SECTION I

 

Non-tuberculous mycobacteria and microbial populations in drinking water distribution systems

 

Micobatteri non tubercolari e popolazioni microbiche in reti idriche di distribuzione

 

 

Rossella Briancesco; Maurizio Semproni; Simonetta Della Libera; Massimo Sdanganelli; Lucia Bonadonna

Dipartimento di Ambiente e Connessa Prevenzione Primaria, Istituto Superiore di Sanità, Rome, Italy

Address for correspondence

 

 


SUMMARY

Data on the occurrence of non-tuberculous mycobacteria (NTM), in parallel with those obtained for bacterial indicators and amoebae, are presented with the aim to collect information on the spread of NTM in drinking water distribution systems in Italy. Samples were collected from taps of hospitals and households in Central and Southern Italy. The concentration values obtained for the more traditional microbial parameters complied with the mandatory requirements for drinking water. Conversely, moderate-to-high microbial loads (till 300 CFU/L) were observed for the NTM. Positive samples were obtained from 62% of the investigated water samples. Analogous results were observed for amoebae showing a higher percentage of positive samples (76%). In terms of public health, the presence of mycobacteria in water distribution systems may represent a potential risk especially for vulnerable people such as children, the elderly or immunocompromised individuals.
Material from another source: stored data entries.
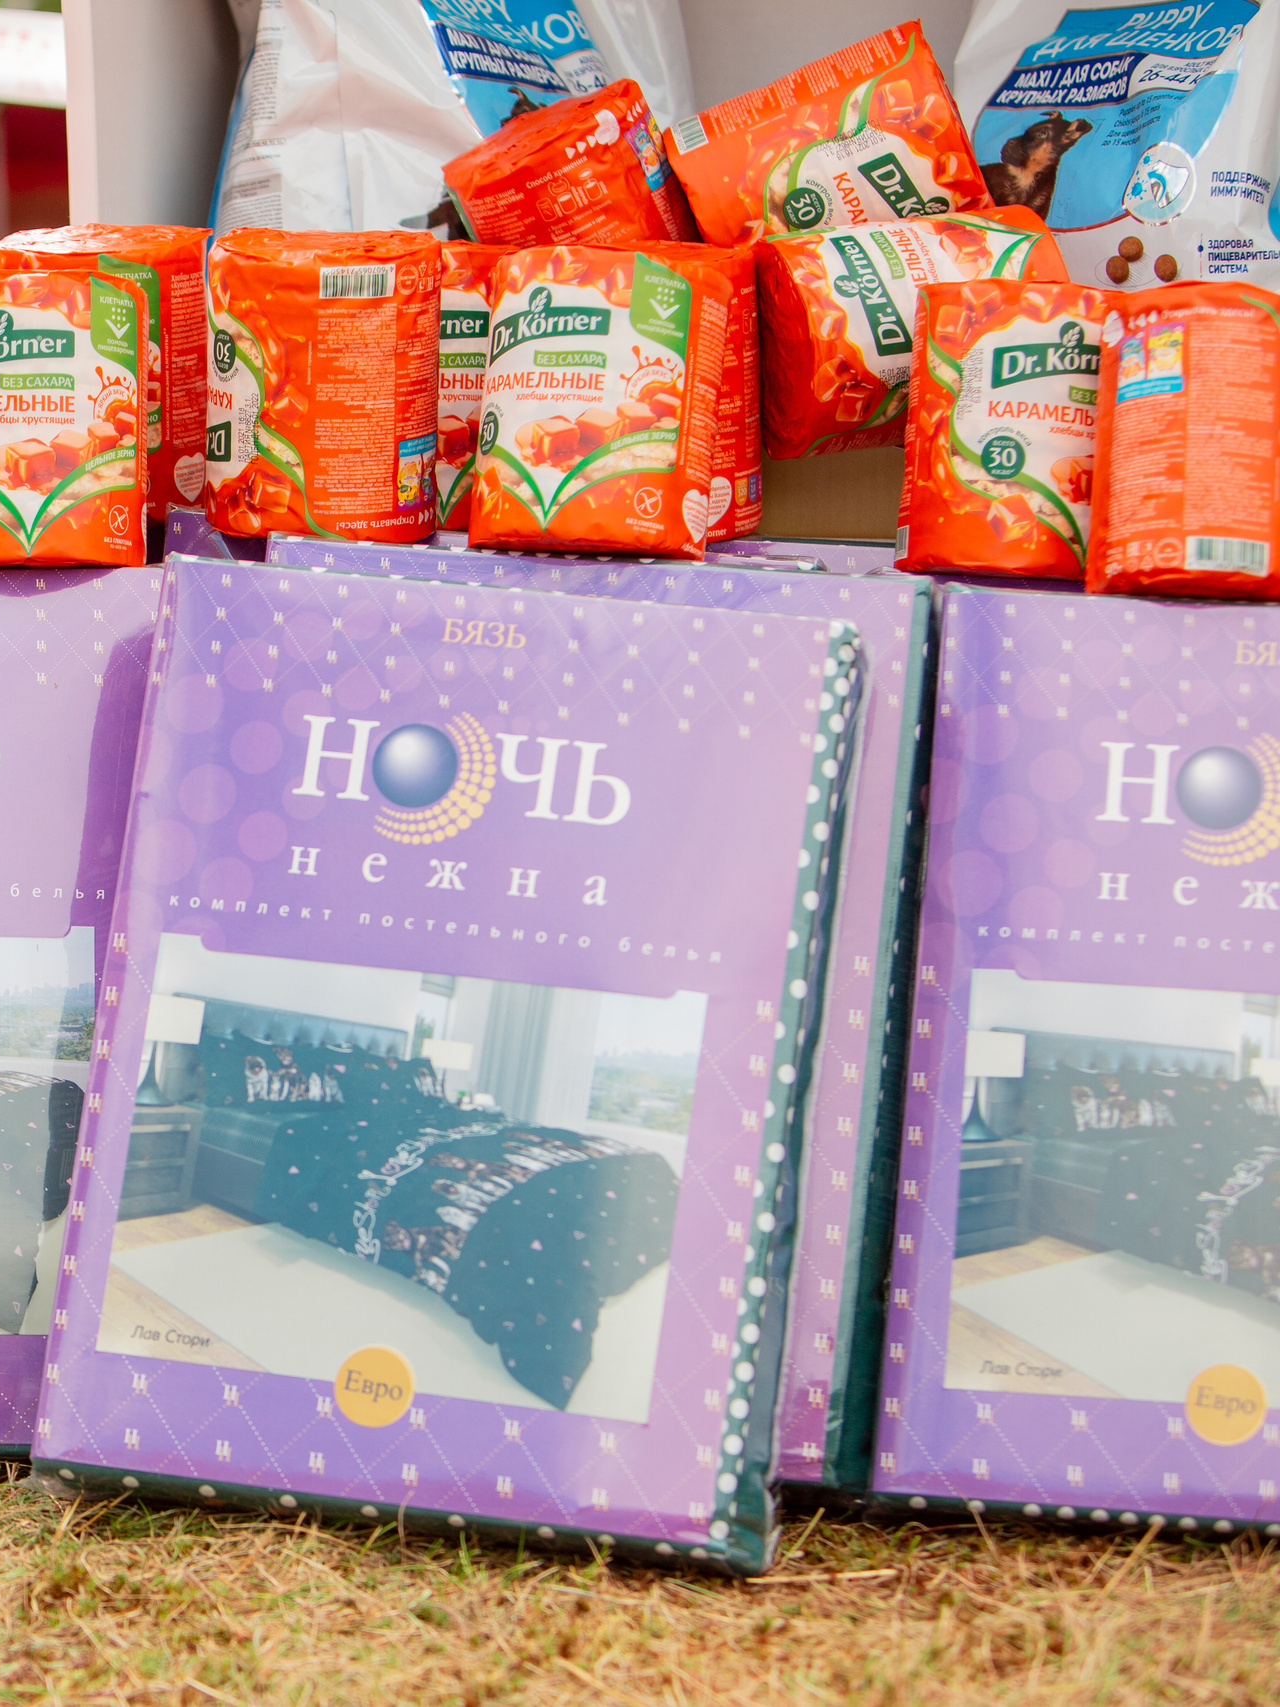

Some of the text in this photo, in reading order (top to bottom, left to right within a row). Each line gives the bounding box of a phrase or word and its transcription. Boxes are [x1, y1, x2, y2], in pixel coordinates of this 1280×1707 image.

[1120, 2, 1214, 31] PUPPY
[1033, 23, 1243, 62] ДЛЯ ЩЕНКОВ
[448, 51, 509, 75] КРУПНЫХ
[1014, 69, 1051, 88] MAXI
[1059, 65, 1090, 87] ДЛЯ
[1091, 55, 1133, 80] СОБАК
[1138, 69, 1191, 84] 26-44
[996, 76, 1128, 105] КРУПНЫХ РАЗМЕРОВ
[870, 163, 905, 201] Dr.
[790, 192, 817, 222] 30
[1208, 239, 1254, 250] ЗДОРОВАЯ
[839, 239, 888, 306] Körner
[1208, 264, 1249, 274] СИСТЕМА
[644, 274, 687, 291] КЛЕТЧАТКА
[99, 295, 134, 309] КЛЕТЧАТКА
[493, 310, 602, 356] Dr. Körner
[877, 307, 906, 346] Dr.
[216, 341, 232, 363] 30
[537, 353, 557, 365] БЕЗ
[1002, 352, 1042, 380] Dr.
[2, 377, 24, 388] БЕЗ
[111, 388, 126, 399] ВКУС
[486, 371, 606, 394] КАРАМЕЛЬНЫЕ
[516, 392, 603, 403] хлебцы хрустящие
[1072, 390, 1090, 403] БЕЗ
[21, 416, 75, 426] хрустящие
[988, 401, 1095, 426] КАРАМЕЛЬ
[482, 421, 495, 439] 30
[610, 430, 677, 451] ЦЕЛЬНОЕ ЗЕРНО
[85, 447, 135, 471] ЦЕЛЬНОЕ ЗЕРНО
[988, 447, 1018, 468] 30
[336, 514, 415, 531] Открывать здесь!
[441, 616, 528, 650] БЯЗЬ
[287, 844, 608, 907] нежна
[11, 883, 107, 900] белья
[168, 892, 723, 964] комплект постельного белья
[977, 924, 1148, 946] комплект
[129, 1324, 211, 1351] Лав Стори
[342, 1369, 405, 1404] Евро
[1194, 1384, 1259, 1418] Евро
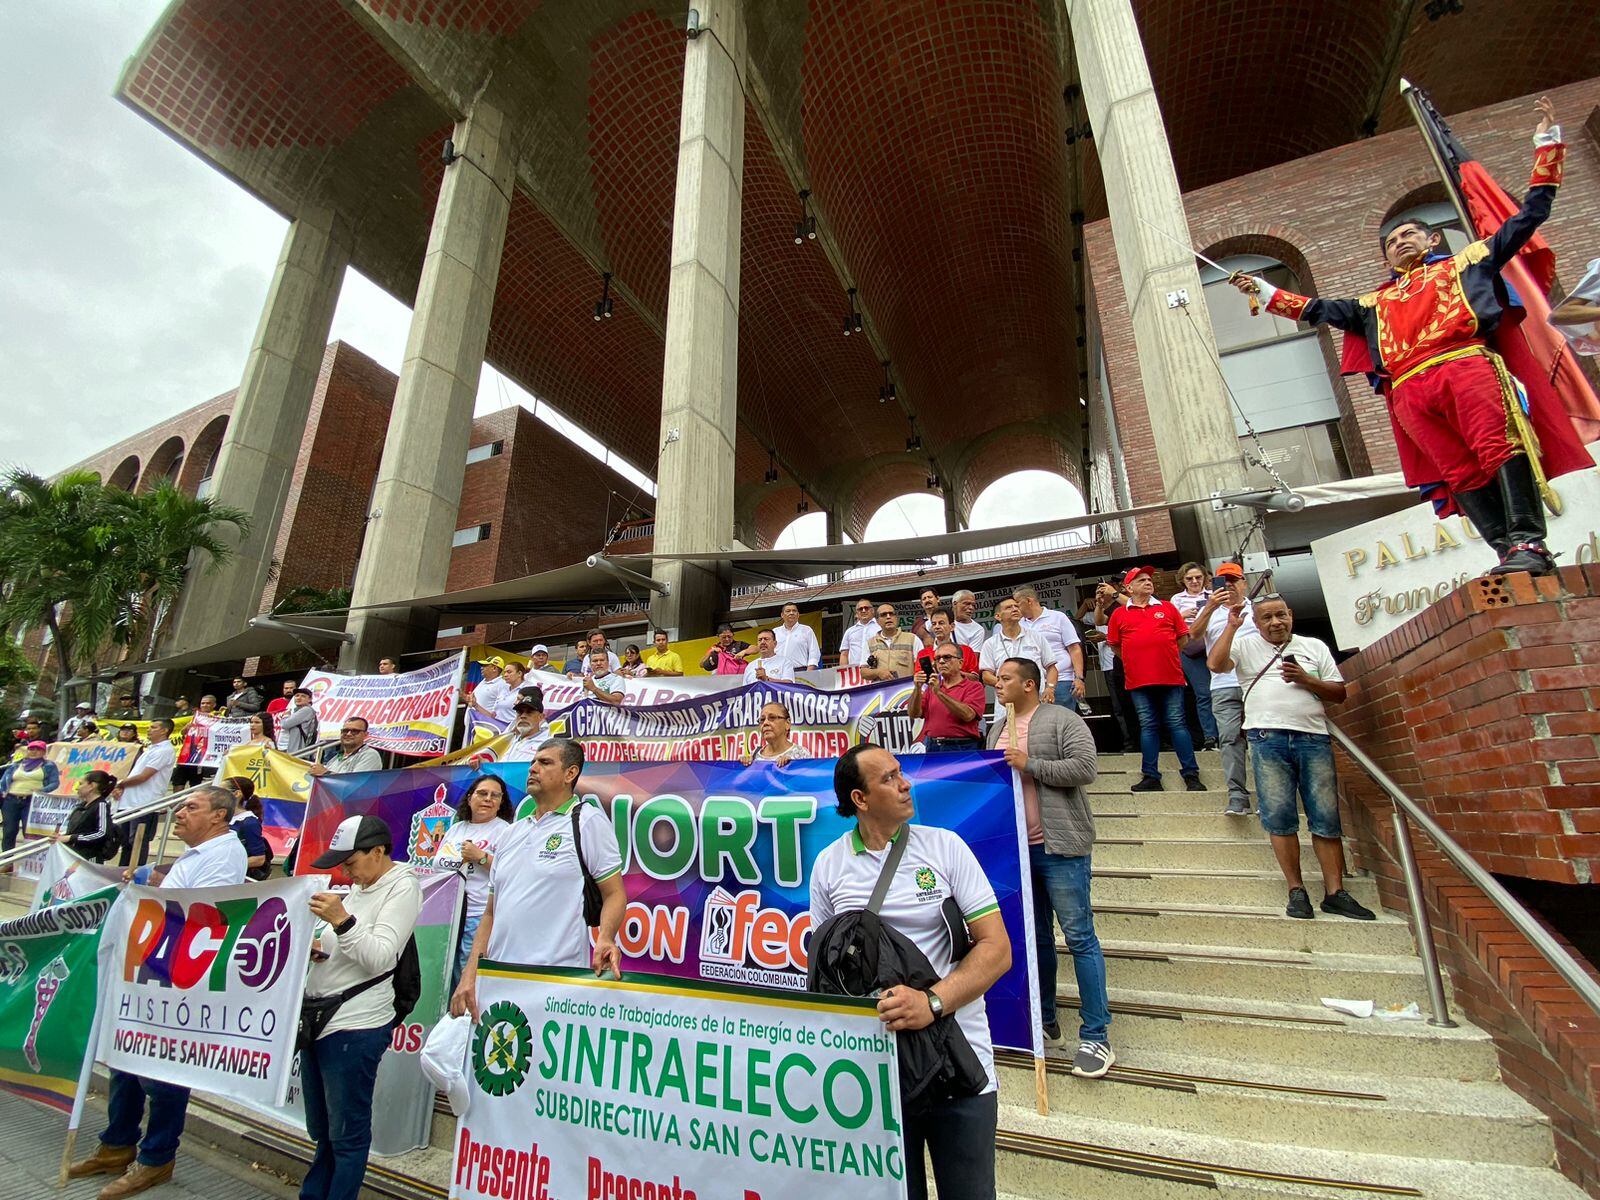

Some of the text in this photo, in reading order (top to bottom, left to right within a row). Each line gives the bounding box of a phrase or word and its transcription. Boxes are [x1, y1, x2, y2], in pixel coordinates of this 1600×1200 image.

[1053, 578, 1070, 588] DEL
[317, 686, 454, 725] SINTRACOPRODIS
[576, 705, 632, 737] CENTRAL
[635, 707, 701, 737] UNITARIA
[702, 701, 724, 733] DE
[750, 730, 850, 760] SANDER
[748, 970, 799, 987] COLOMBIANA
[119, 994, 276, 1037] HISTÓRICO
[545, 996, 597, 1017] Sindicato
[600, 1002, 616, 1019] de
[620, 1004, 697, 1029] Trabajadores
[702, 1015, 719, 1033] de
[722, 1016, 735, 1035] la
[739, 1018, 792, 1045] Energía
[796, 1026, 816, 1046] de
[114, 1029, 157, 1058] NORTE
[159, 1037, 178, 1062] DE
[180, 1040, 271, 1080] SANTANDER
[538, 1019, 901, 1137] SINTRAELECOL
[535, 1088, 904, 1181] SUBDIRECTIVA SAN CAYETANO
Key words: amoebae, drinking water, atypical mycobacteria, water supply.


RIASSUNTO

Per la prima volta in Italia, acqua potabile distribuita in rete è stata analizzata per verificare l'eventuale presenza di micobatteri non tubercolari (NTM). I microrganismi sono stati ricercati in acque di rubinetto prelevate da ospedali e da abitazioni del Centro e del Sud Italia; parallelamente, oltre ai tradizionali indicatori microbici di contaminazione e di qualità dell'acqua, i campioni sono stati esaminati per la presenza di amebe. Con specifico riferimento agli indicatori, quali parametri di monitoraggio delle acque, le analisi hanno evidenziato la rispondenza ai requisiti di qualità stabiliti per le acque potabili. Diversamente, per i micobatteri sono state rilevate densità variabili, anche piuttosto elevate (fino a 300 UFC/L), con una percentuale di positività del 62% nei campioni di acqua esaminati; valori di positività più elevati (76%) sono risultati per le amebe. In termini di salute pubblica, la presenza di NTM nelle reti di distribuzione idrica può costituire una condizione di rischio, soprattutto per le fasce di popolazione più suscettibili (immunodepressi, bambini e anziani).
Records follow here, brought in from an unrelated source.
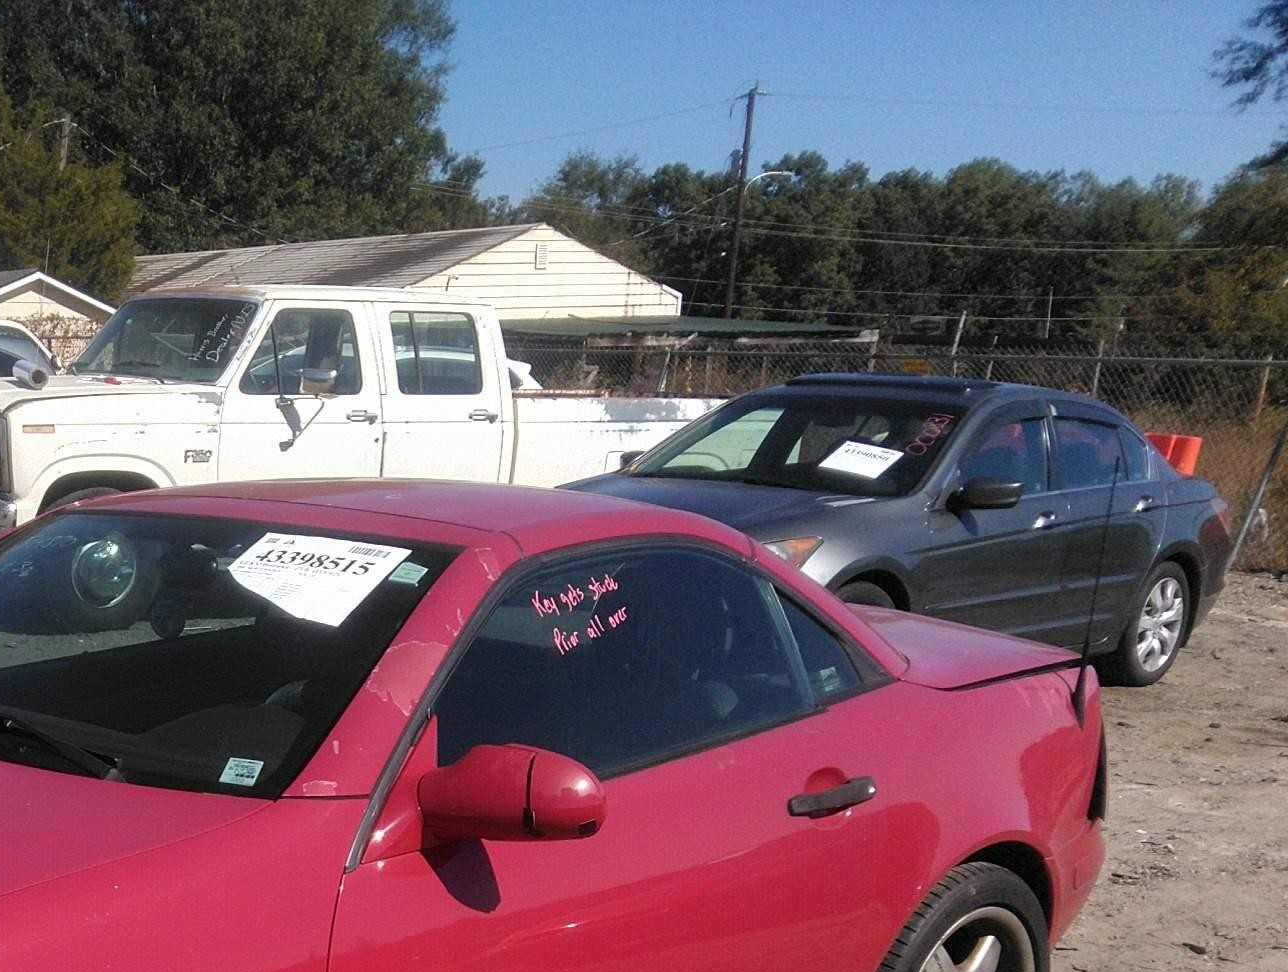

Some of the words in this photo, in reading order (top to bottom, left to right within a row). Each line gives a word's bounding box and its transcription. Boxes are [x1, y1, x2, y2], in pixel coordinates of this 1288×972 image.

[255, 549, 376, 575] 43398515
[531, 590, 561, 617] Key
[560, 583, 585, 612] gets
[587, 614, 605, 638] all
[608, 606, 628, 628] over
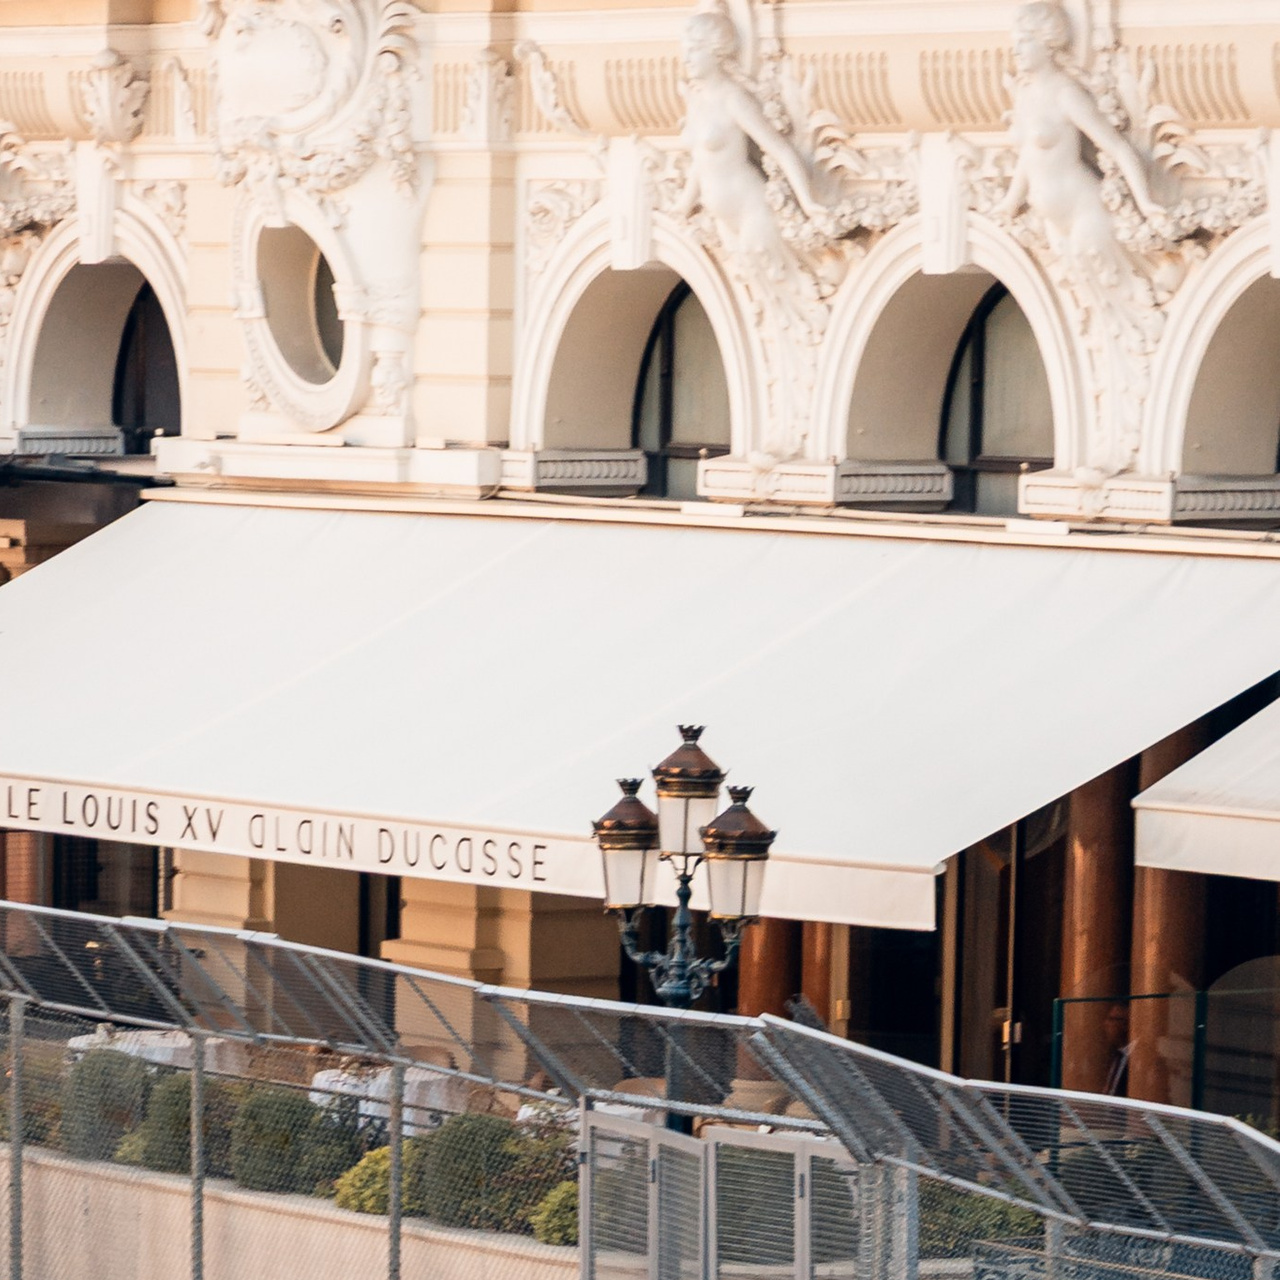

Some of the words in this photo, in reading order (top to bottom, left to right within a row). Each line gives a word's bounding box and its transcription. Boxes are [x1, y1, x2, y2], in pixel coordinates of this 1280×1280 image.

[7, 786, 40, 820] LE
[62, 791, 160, 836] LOUIS
[180, 805, 224, 842] XV
Parole chiave: acque potabili, amebe, micobatteri atipici, reti idriche.


 

 

INTRODUCTION

Since the 1980s clinic and laboratory-based studies have shown an increased prevalence of persons with non-tuberculous mycobacterial (NTM) pulmonary disease, while during the same period a continued decline in the incidence and prevalence of tuberculosis has been reported [1].
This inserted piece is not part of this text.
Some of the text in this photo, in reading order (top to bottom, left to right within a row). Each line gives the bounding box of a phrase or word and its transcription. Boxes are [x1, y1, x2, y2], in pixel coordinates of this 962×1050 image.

Disseminated infections with NTM organisms were first recognized in immunocompromised patients, subsequently identified as a common complication of advanced AIDS and as one of the leading cause of death amongst HIV positive populations [1].

NTM have been reported as opportunistic pathogens causing cutaneous and pulmonary infections, immune dysfunctions and chronic and disseminated diseases. Differently from Mycobacterium tuberculosis and M. leprae, most of the mycobacterial species today described are generally not considered as obligate human pathogens. Although NTM are not transmissible, the diseases they cause may greatly affect public health and medical care resources.

NTM comprise a multispecies group of environmental organisms, living in soil as well as in treated and untreated water sources. In the USA and in some European countries, these bacteria have been recovered from freshwater, brackish/sea water, and wastewater, sometimes at high densities [1]. NTM have also been recovered in drinking-water systems before and after treatment, from the distribution system and from raw source waters. Water treatment itself is likely to be ineffective due to the high resistance of mycobacteria to disinfection; in fact, it has been well-documented that these microorganisms are resistant to ozone and chlorine-based disinfectants [2]. Mycobacterial numbers seem to be higher in drinking water distribution systems (average 25 000-fold) than in those collected just after treatment, suggesting that they are able to multiply along distribution. Some environmental mycobacteria have been shown to grow within amoebae [3, 4] and ciliates [3] and it has been suggested that this condition may provide an helpful haven when environmental conditions deteriorate. While environmental transmission within amoebae is a possibility, it remains unclear whether amoebae, or any other protozoa, play a role in the pathogenesis or epidemiology of any mycobacterial diseases.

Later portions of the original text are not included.